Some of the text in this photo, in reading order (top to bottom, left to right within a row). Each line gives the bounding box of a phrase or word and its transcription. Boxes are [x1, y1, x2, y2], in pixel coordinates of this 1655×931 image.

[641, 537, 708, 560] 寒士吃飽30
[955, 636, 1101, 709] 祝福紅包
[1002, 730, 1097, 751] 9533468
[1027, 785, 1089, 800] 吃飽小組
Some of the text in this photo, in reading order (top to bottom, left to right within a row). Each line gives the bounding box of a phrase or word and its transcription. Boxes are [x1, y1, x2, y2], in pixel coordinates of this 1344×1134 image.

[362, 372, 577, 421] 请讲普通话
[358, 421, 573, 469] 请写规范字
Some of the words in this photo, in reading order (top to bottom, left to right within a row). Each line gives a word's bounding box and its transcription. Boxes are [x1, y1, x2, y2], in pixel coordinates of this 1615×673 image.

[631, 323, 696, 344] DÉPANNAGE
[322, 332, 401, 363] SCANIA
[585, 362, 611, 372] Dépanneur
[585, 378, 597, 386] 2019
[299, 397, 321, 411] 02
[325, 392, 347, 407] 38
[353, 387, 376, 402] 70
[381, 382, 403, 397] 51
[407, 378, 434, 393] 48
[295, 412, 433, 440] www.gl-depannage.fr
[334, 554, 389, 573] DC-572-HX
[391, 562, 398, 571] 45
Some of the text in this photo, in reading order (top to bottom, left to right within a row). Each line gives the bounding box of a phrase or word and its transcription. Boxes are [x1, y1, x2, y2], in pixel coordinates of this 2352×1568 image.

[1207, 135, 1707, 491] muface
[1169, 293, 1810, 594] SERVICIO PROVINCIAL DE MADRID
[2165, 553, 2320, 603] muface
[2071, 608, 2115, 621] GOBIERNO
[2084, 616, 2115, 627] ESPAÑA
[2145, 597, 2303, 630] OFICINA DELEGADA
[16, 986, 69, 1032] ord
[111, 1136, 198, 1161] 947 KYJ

---*---

- [Work item]: Only the lines from the one containing "Some of the words" through the last line of the records above are to be reproduced, exactly and with both ends included.

- [Completed exercise]:
Some of the words in this photo, in reading order (top to bottom, left to right within a row). Each line gives a word's bounding box and its transcription. Boxes are [x1, y1, x2, y2], in pixel coordinates of this 1615×673 image.

[631, 323, 696, 344] DÉPANNAGE
[322, 332, 401, 363] SCANIA
[585, 362, 611, 372] Dépanneur
[585, 378, 597, 386] 2019
[299, 397, 321, 411] 02
[325, 392, 347, 407] 38
[353, 387, 376, 402] 70
[381, 382, 403, 397] 51
[407, 378, 434, 393] 48
[295, 412, 433, 440] www.gl-depannage.fr
[334, 554, 389, 573] DC-572-HX
[391, 562, 398, 571] 45
Some of the text in this photo, in reading order (top to bottom, left to right within a row). Each line gives the bounding box of a phrase or word and its transcription. Boxes are [x1, y1, x2, y2], in pixel coordinates of this 2352×1568 image.

[1207, 135, 1707, 491] muface
[1169, 293, 1810, 594] SERVICIO PROVINCIAL DE MADRID
[2165, 553, 2320, 603] muface
[2071, 608, 2115, 621] GOBIERNO
[2084, 616, 2115, 627] ESPAÑA
[2145, 597, 2303, 630] OFICINA DELEGADA
[16, 986, 69, 1032] ord
[111, 1136, 198, 1161] 947 KYJ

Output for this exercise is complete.